Start of Input for this task
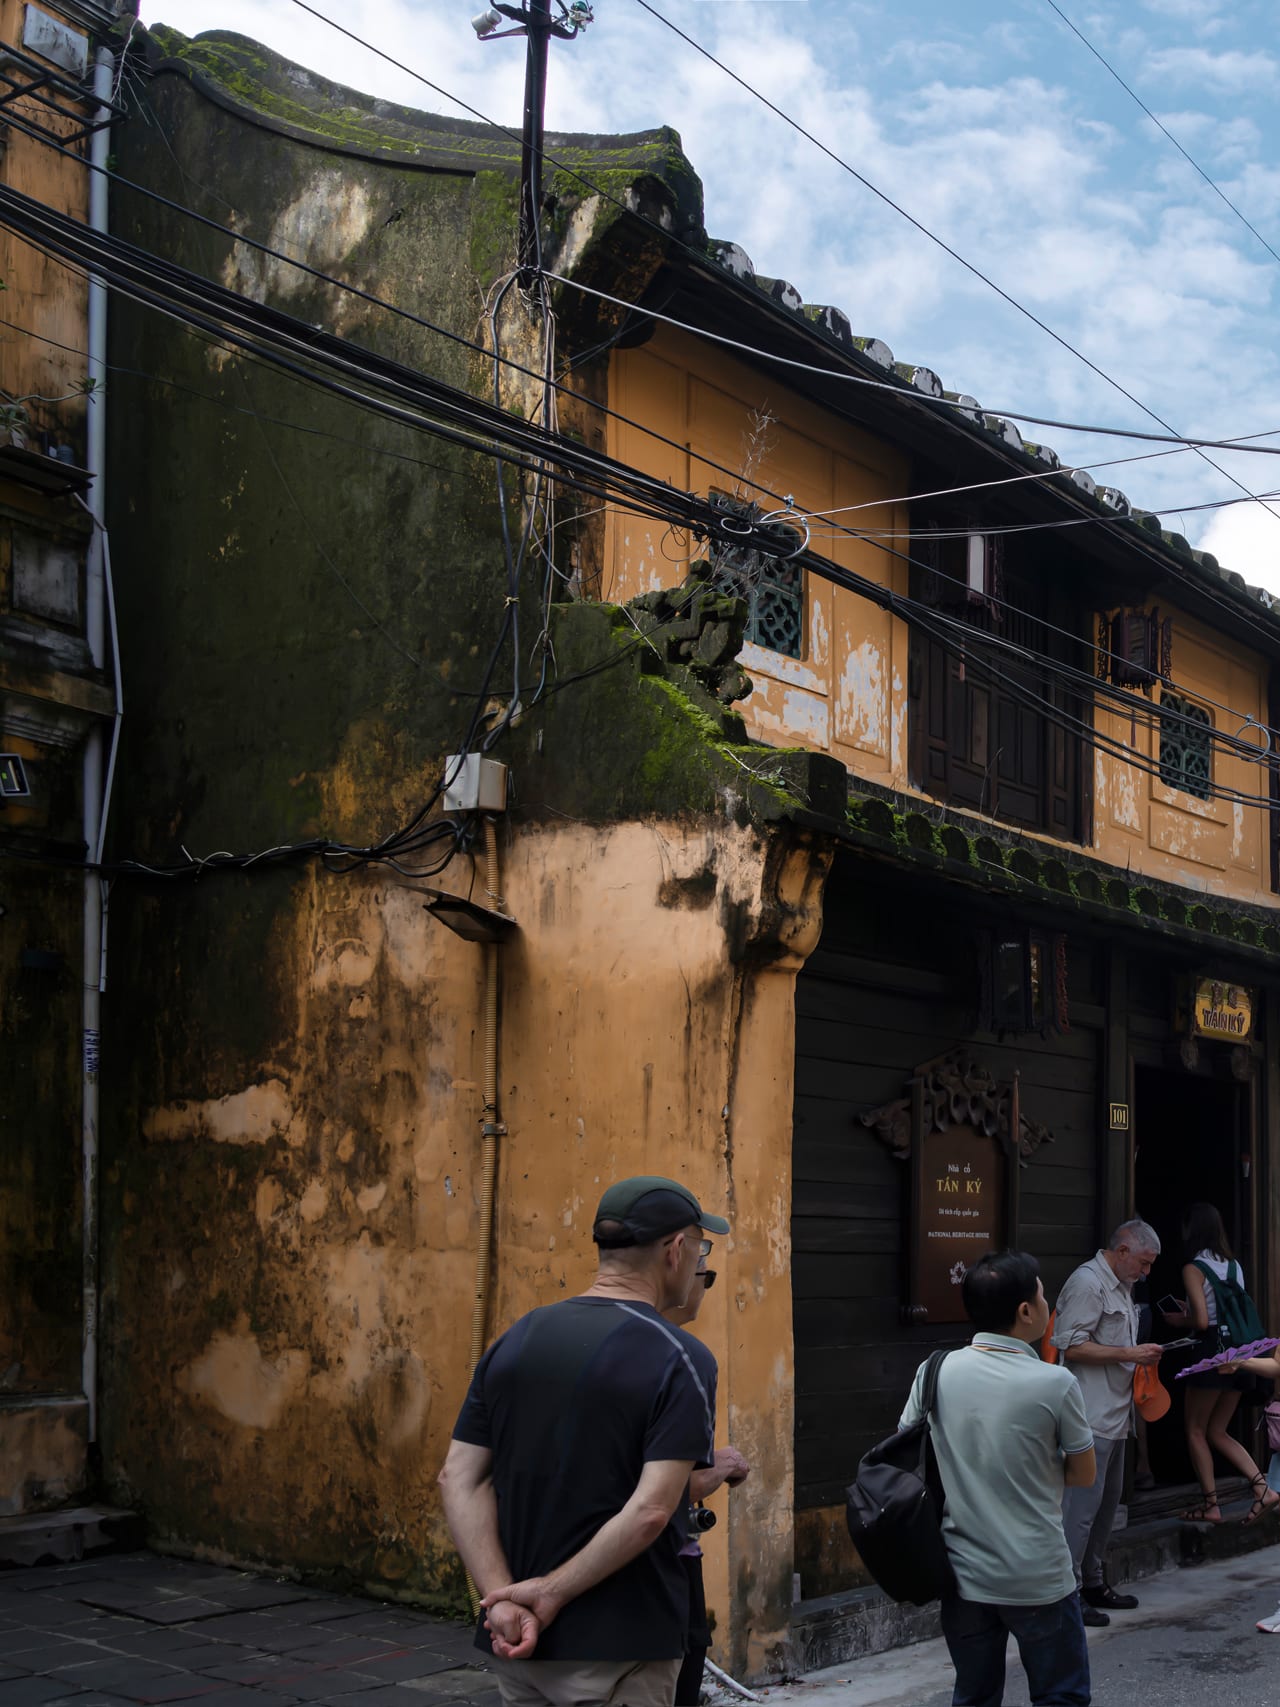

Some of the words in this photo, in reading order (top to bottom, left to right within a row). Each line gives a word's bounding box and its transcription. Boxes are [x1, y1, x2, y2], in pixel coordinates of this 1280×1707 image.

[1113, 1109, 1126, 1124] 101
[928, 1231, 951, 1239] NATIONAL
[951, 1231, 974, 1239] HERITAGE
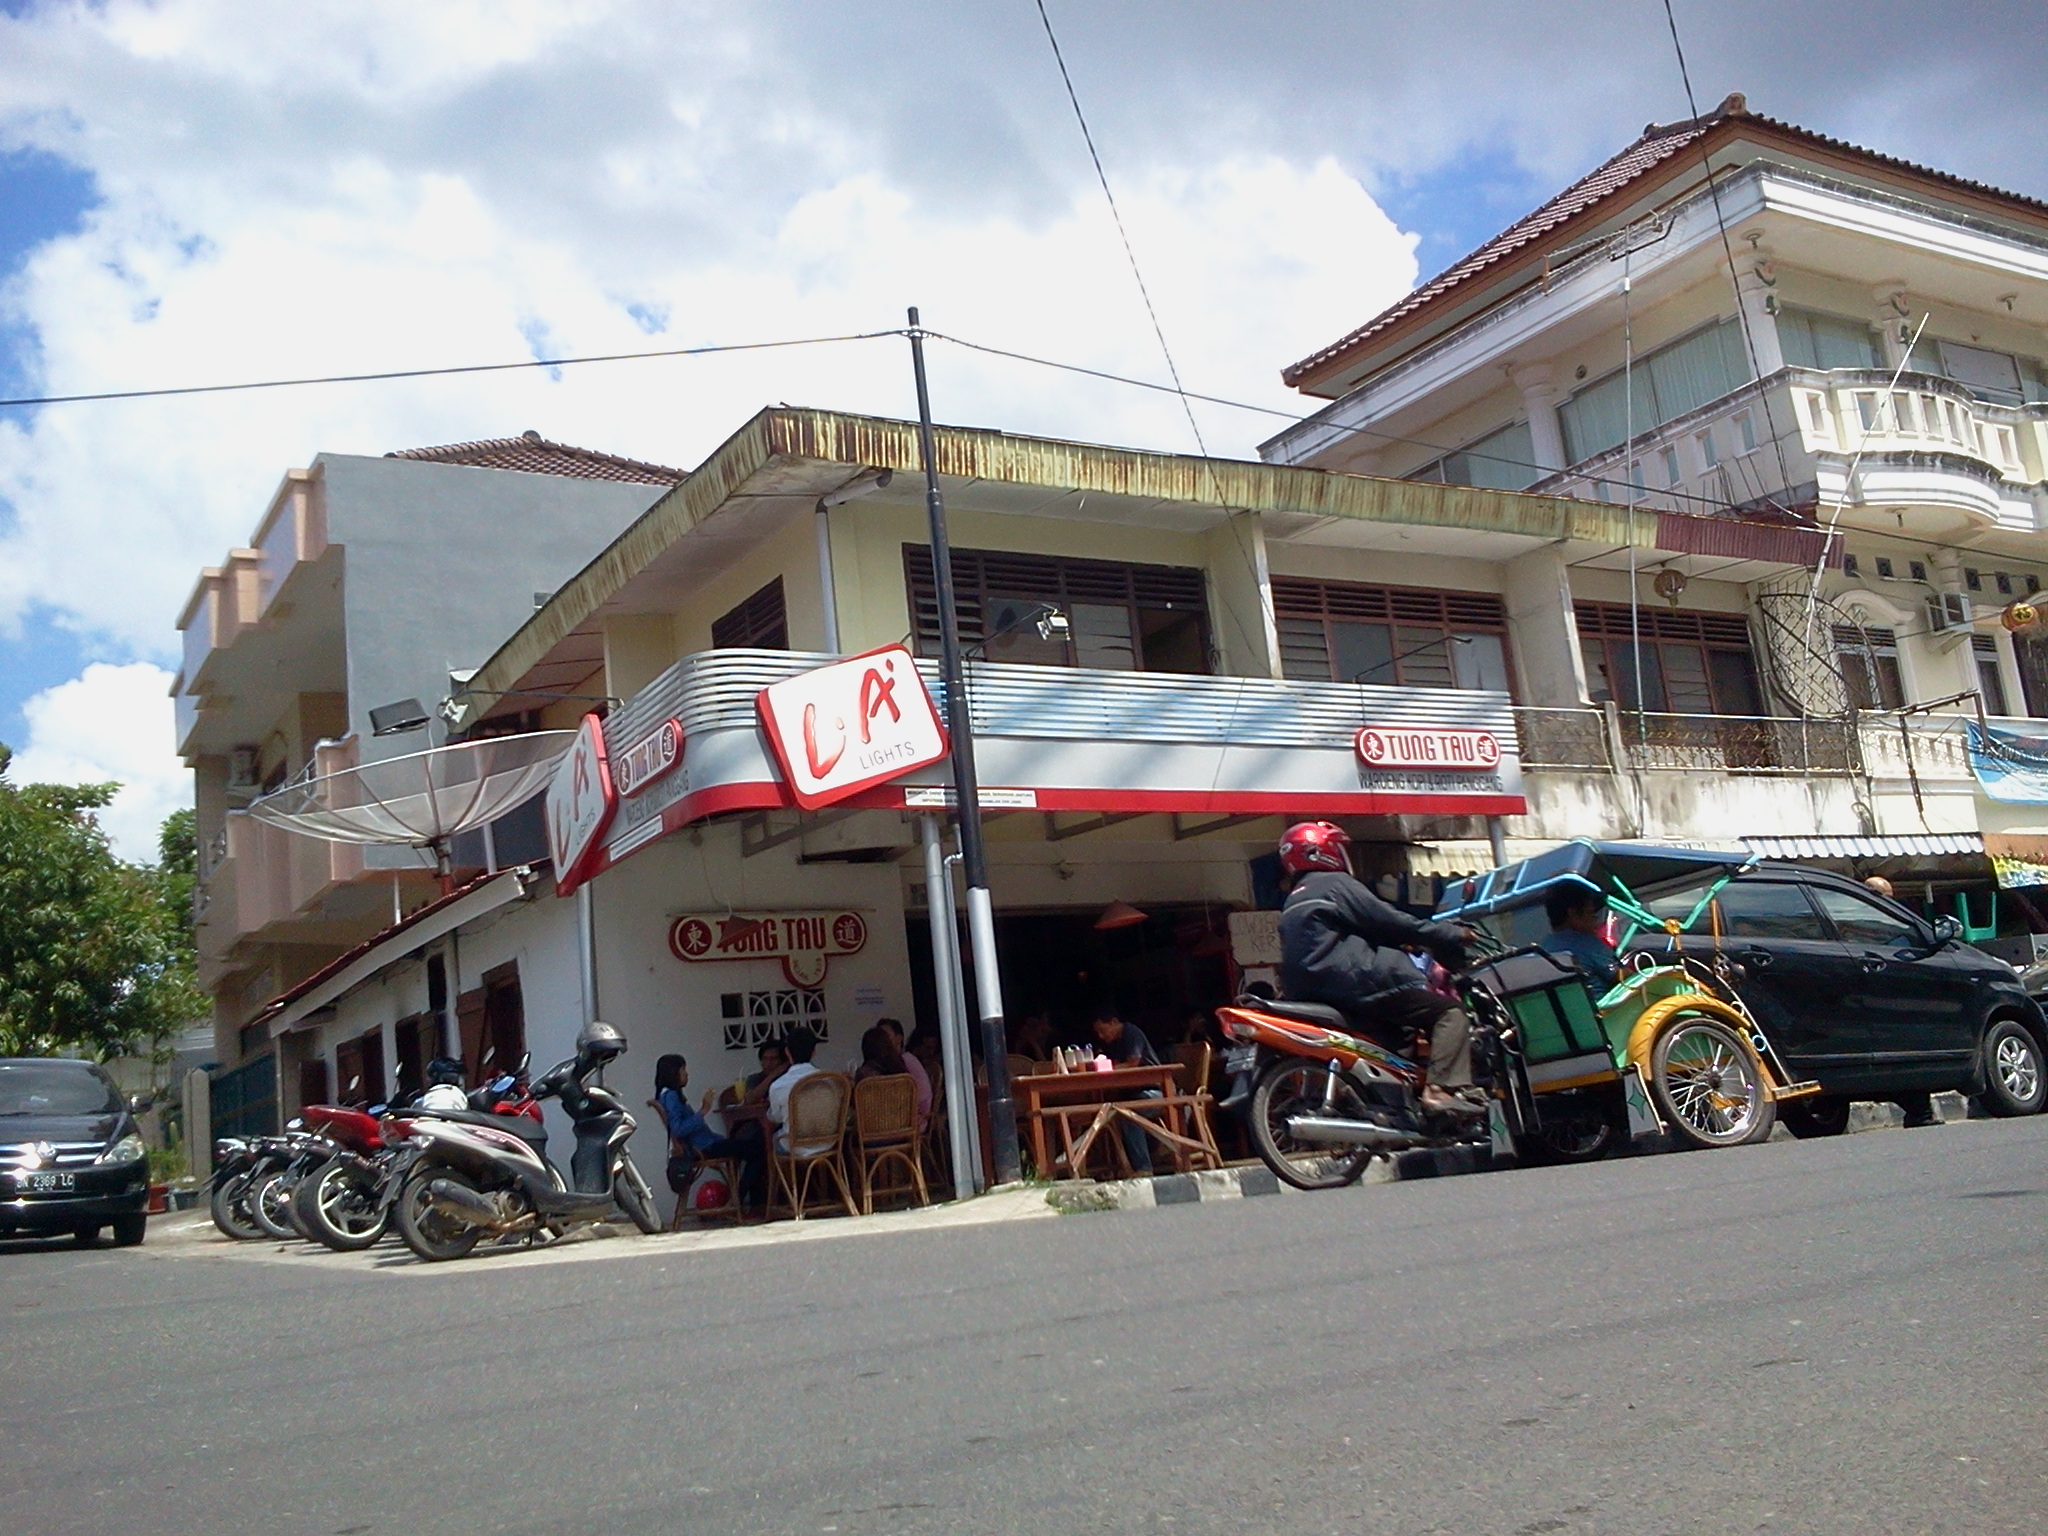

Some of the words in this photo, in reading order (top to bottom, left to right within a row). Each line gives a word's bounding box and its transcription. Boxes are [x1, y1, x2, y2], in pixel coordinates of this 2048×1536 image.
End of Input for this task
**Exercise**
From the first line to the last, copy the records above exactly and leave out the pictures.

**Solution for this task**
Some of the words in this photo, in reading order (top to bottom, left to right within a row). Each line gives a word's bounding box and its transcription. Boxes are [x1, y1, x2, y2], in pixel coordinates of this 1280×1707 image.

[1113, 1109, 1126, 1124] 101
[928, 1231, 951, 1239] NATIONAL
[951, 1231, 974, 1239] HERITAGE

Some of the words in this photo, in reading order (top to bottom, left to right within a row). Each line gives a word's bounding box and its transcription. Boxes are [x1, y1, x2, y2], in pixel coordinates of this 2048×1536 image.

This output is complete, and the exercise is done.